Alte und Neue Kriege

Eine Einführung zu einem aktuellen Thema

Von Kai KöhlerRSS-Newsfeed neuer Artikel von Kai Köhler

Besprochene Bücher / Literaturhinweise

Der Krieg steht auf der Tagesordnung. Mit den Angriffen auf Jugoslawien und den Irak ist der Versuch gescheitert, die Anwendung von Gewalt in internationalen Beziehungen auf eine rechtliche Grundlage zu stellen. Träumereien von einem Zeitalter der Zivilisierung, wie sie um 1990 kurzfristig Konjunktur hatten, sind widerlegt.
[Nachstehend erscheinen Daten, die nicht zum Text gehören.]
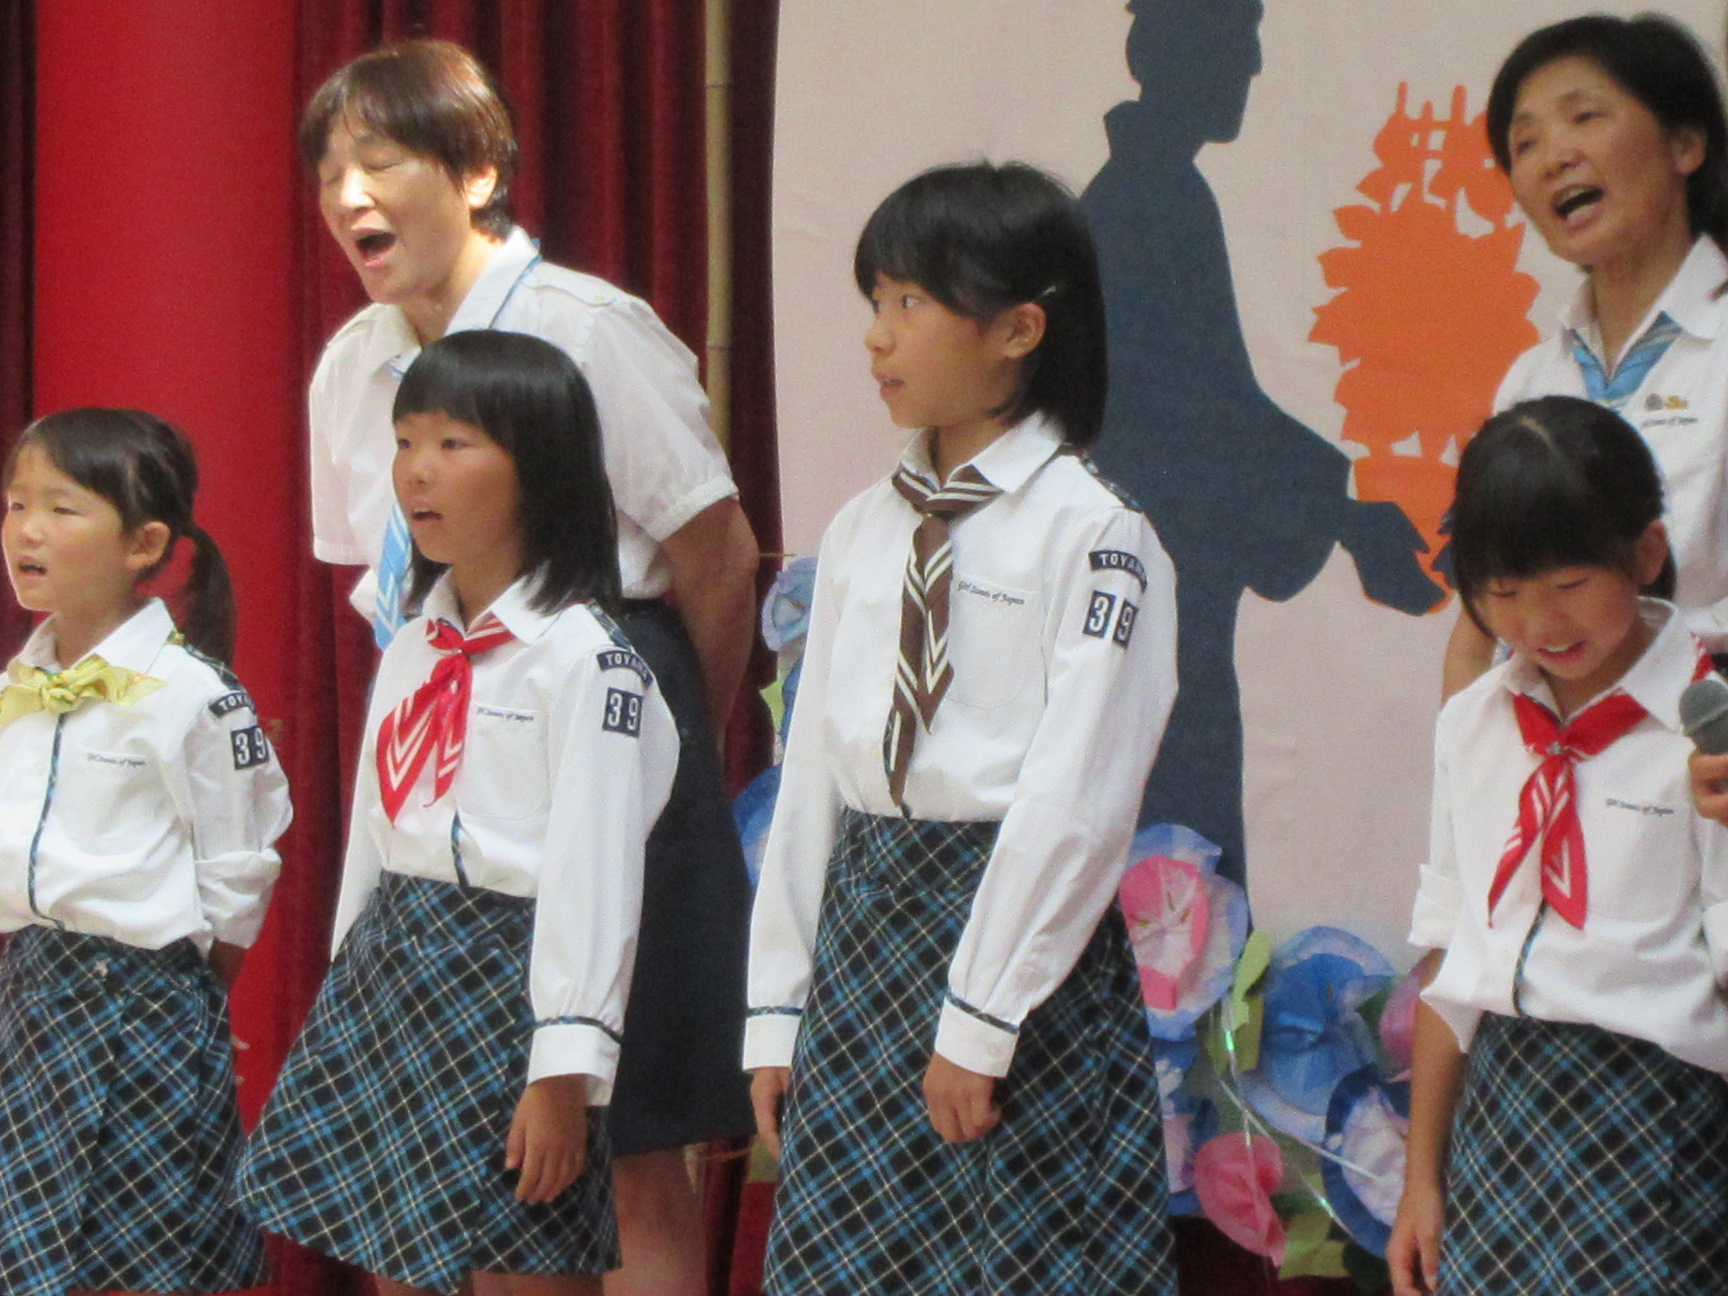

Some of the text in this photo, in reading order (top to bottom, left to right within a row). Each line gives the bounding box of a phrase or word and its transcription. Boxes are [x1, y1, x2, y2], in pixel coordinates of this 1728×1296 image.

[1088, 596, 1134, 642] 39
[607, 692, 640, 731] 39
[235, 727, 267, 765] 39
Wo es nicht mehr um das Ob, sondern um das Wie geht, drängt sich die Frage nach der Epochenspezifik des heutigen Krieges auf. Die rasche Entwicklung der Waffentechnologie in den fortgeschrittenen Industrieländern - namentlich den USA - auf der einen Seite, die Entstaatlichung des Krieges in der Peripherie auf der anderen Seite, werden seit Jahren ausführlich diskutiert. Allerdings gibt es bisher keine Einigkeit, in welchem Maße diese Neuerungen die Kriegführung verändern und ob ein Zusammenhang zwischen den scheinbar so gegenläufigen Tendenzen besteht.

Hier kann eine kompakte Einführung in Geschichte und Gegenwart des Krieges, wie Andreas Herberg-Rothe sie versucht, ihren Wert haben. Sein Buch hat eine erste Orientierung zum Ziel; eine umfassende Analyse des Themenbereichs kann und will Herberg-Rothe nicht leisten. Kaleidoskopartig stellt er statt dessen in sechs Kapiteln verschiedene Aspekte vor. Er handelt das Verhältnis von Krieg und Staatlichkeit sowie das von Krieg und Moderne ab, listet eine Typologie historischer Ausprägungen von Waffenträgern auf, fragt nach den Ursachen von Kriegen, nach dem Verhältnis von Tötungshemmung und Töten im Krieg und zuletzt nach den Entwicklungen, die den Krieg im 21. Jahrhundert mutmaßlich prägen werden.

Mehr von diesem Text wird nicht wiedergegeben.